Special Issue "The Environment and Children’s Health"

A special issue of International Journal of Environmental Research and Public Health (ISSN 1660-4601). This special issue belongs to the section "Children's Health".

Deadline for manuscript submissions: 30 November 2020.

Special Issue Editors

Dr. Jason Gilliland
E-Mail Website
Guest Editor
Human Environments Analysis Laboratory, Department of Geography, Western University, 1151 Richmond St, London, ON N6A 3K7, Canada
Interests: children’s health; children’s geographies; built environment; social environment; nature; health behaviours; mental health; well-being
Dr. Gina Martin
E-Mail Website
Guest Editor
Human Environments Analysis Laboratory, Department of Geography, Western University, 1151 Richmond St, London, ON N6A 3K7, Canada
Interests: children and adolescents; children’s geographies; neighbourhoods; built environment; social environment; nature; health behaviours and outcomes; mental well-being; substance use

Special Issue Information

Dear Colleagues,

The environments where children live, play, and learn have key roles in their behaviour, well-being, and development. Both physical and social environments have been found to influence many childhood health outcomes, such as physical activity, diet, mental well-being, cognitive performance, and sleep. The physical environment includes built or natural features, while the social environment includes elements such as social cohesion and residential segregation. Children’s environmental exposures occur at various geographic scales (i.e, from micro to macro), such as homes, schools, streets, parks, neighborhoods, and regions. Understanding how the various environments that children are exposed to affect their health and well-being has gained considerable attention in public health research. Accordingly, the aim of this Special Issue is to highlight the broad scope of novel and contemporary research focused on the environment and children’s health.

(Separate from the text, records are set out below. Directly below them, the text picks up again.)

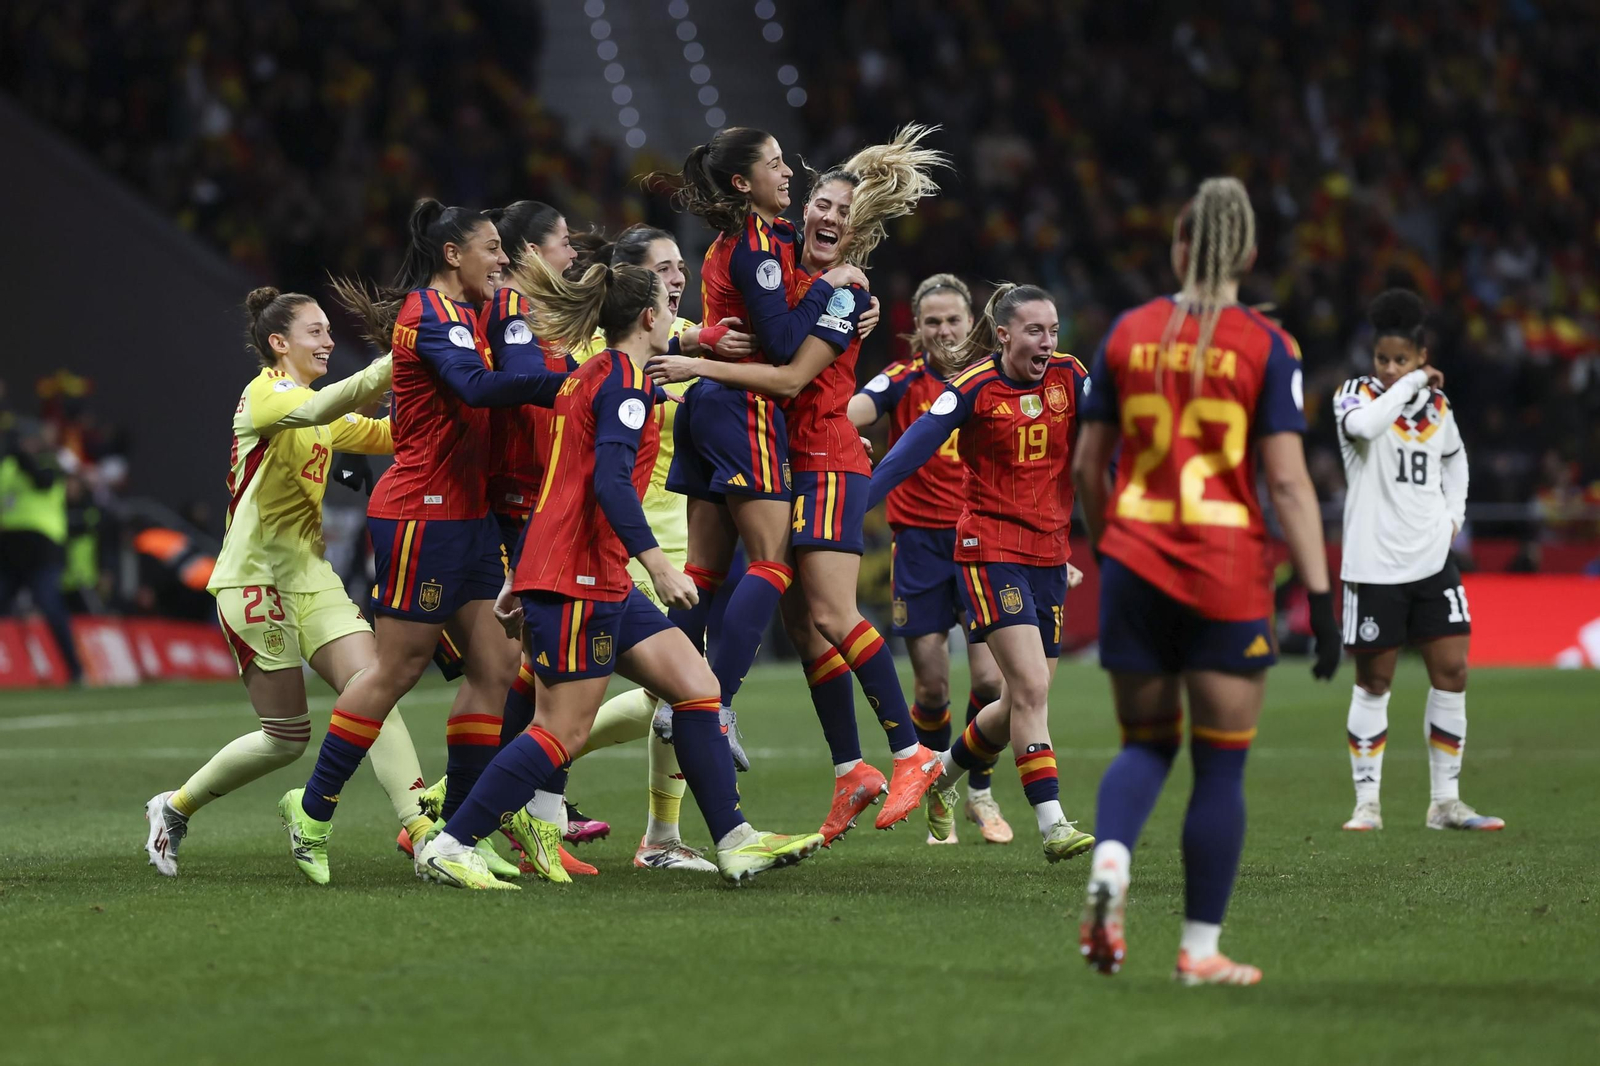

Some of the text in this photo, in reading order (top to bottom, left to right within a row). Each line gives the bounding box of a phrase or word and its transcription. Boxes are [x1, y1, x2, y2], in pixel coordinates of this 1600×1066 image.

[301, 442, 329, 484] 23
[1017, 423, 1048, 463] 19
[1116, 393, 1250, 529] 22
[1396, 447, 1428, 485] 18
[243, 585, 286, 624] 23
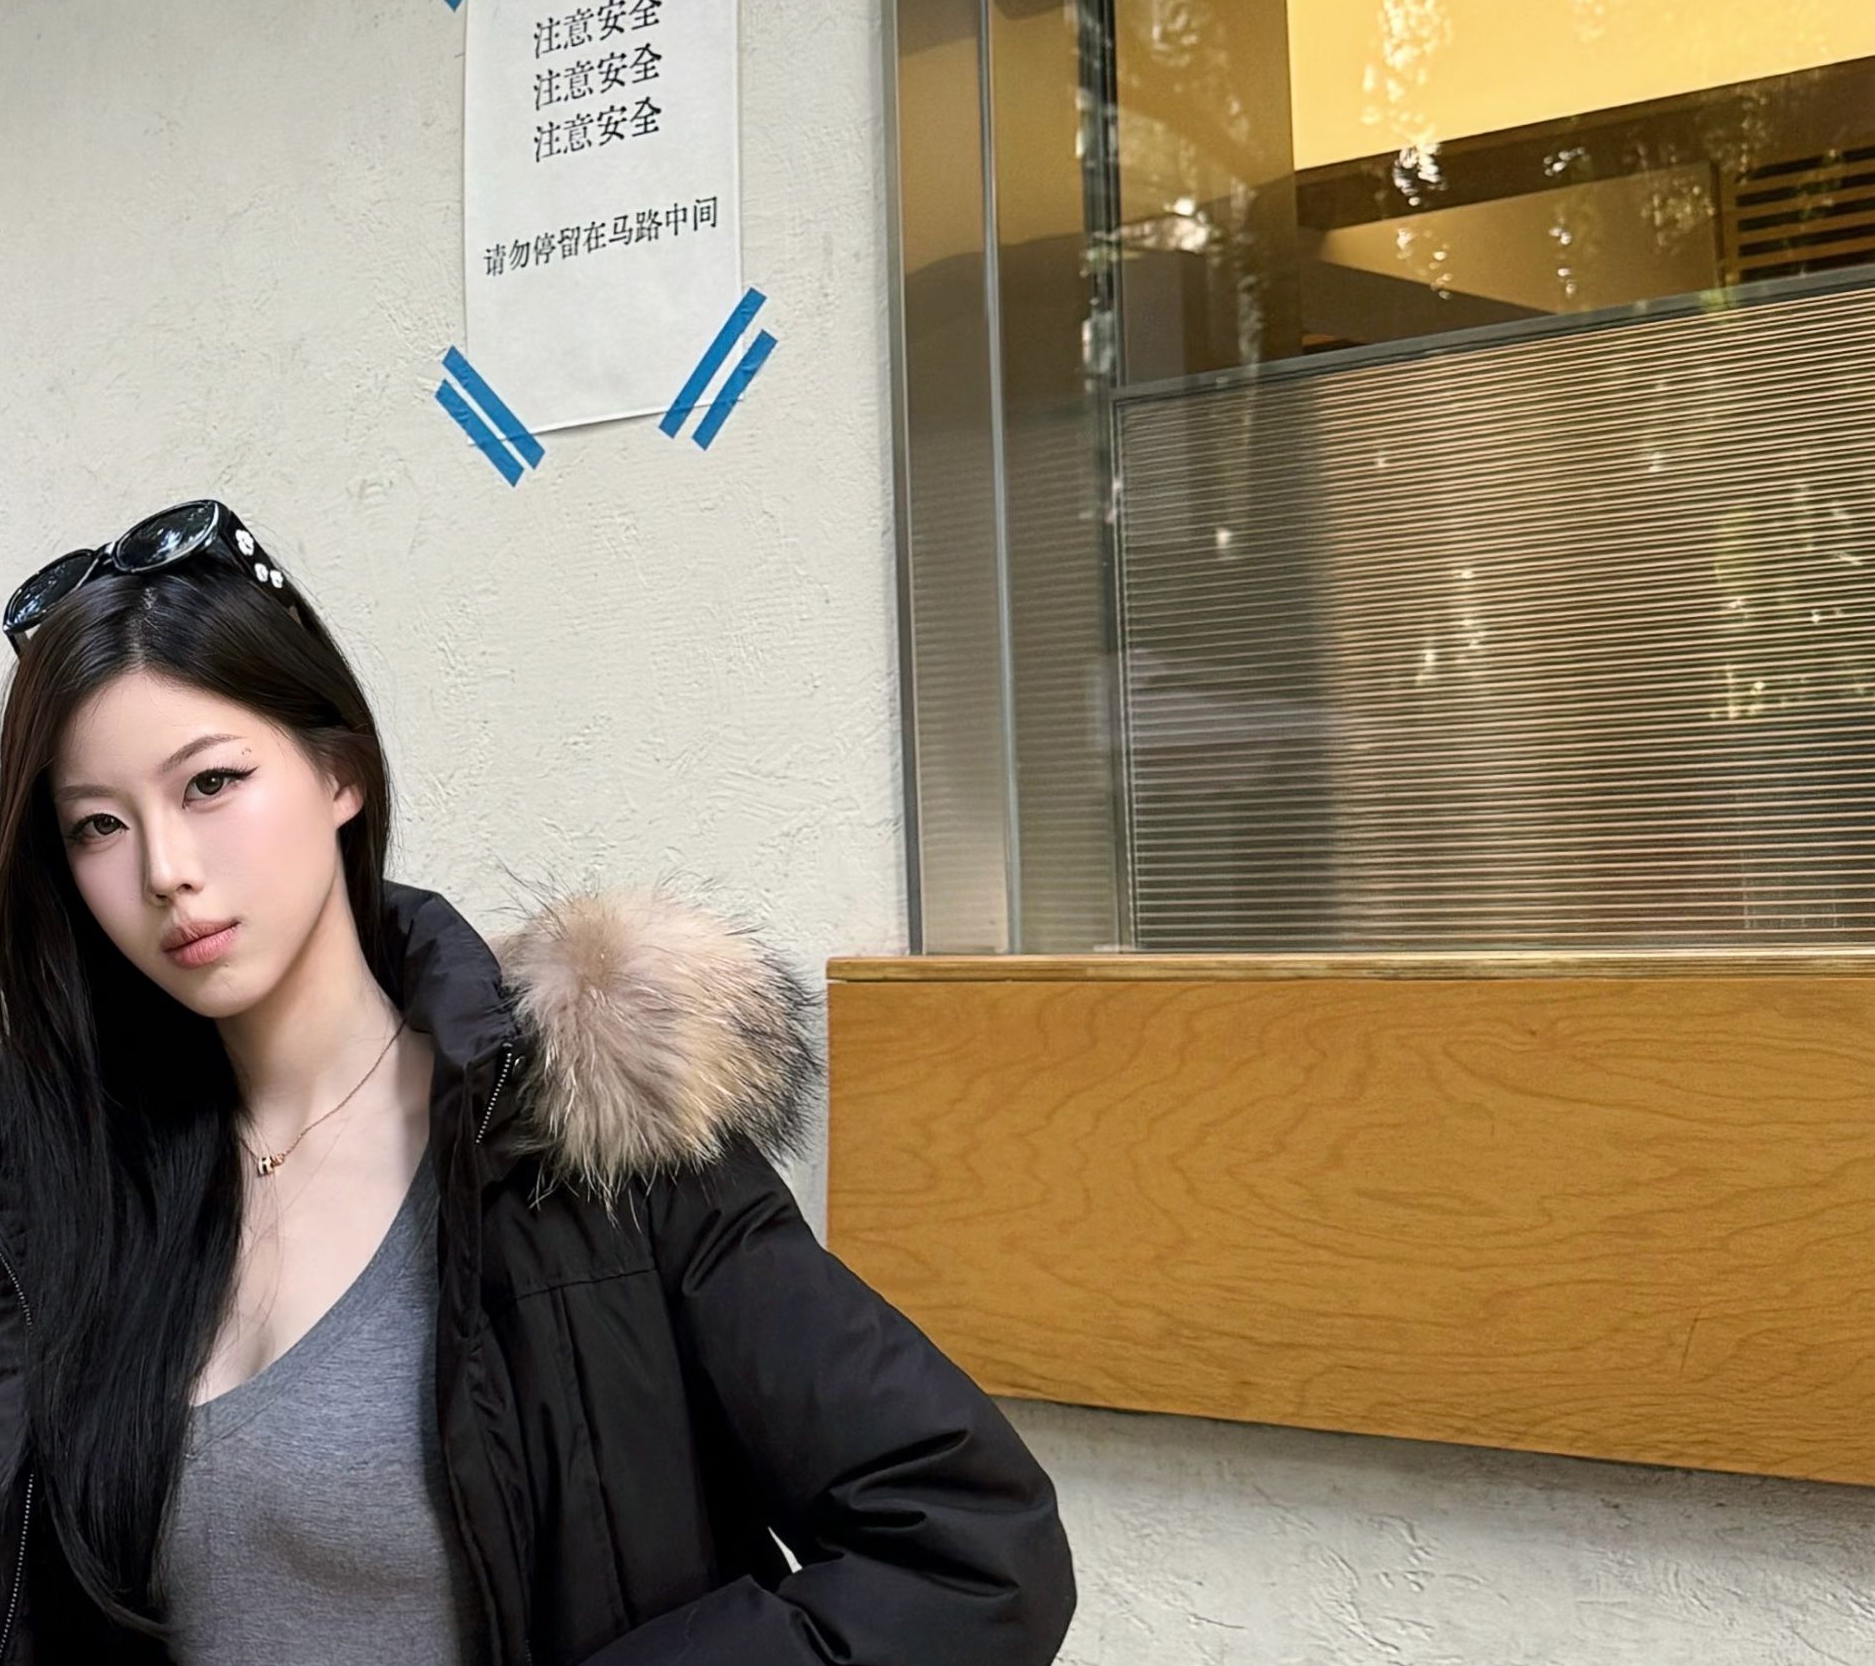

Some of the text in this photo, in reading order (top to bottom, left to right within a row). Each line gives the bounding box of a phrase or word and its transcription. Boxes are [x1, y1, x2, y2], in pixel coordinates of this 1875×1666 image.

[533, 42, 663, 112] 注意安全
[533, 96, 663, 164] 注意安全
[483, 196, 718, 277] 请勿停留在马路中间

This Special Issue of IJERPH, entitled “The Environment and Children’s Health” offers an opportunity to publish high-quality research, reviews, and theoretical notes that further the understanding of the role that the environment plays in children’s health and well-being. We welcome quantitative, qualitative, and mixed-methods research. Submissions that discuss new knowledge, developments, and innovations in the field of environmental determinants of children’s health are particularly encouraged.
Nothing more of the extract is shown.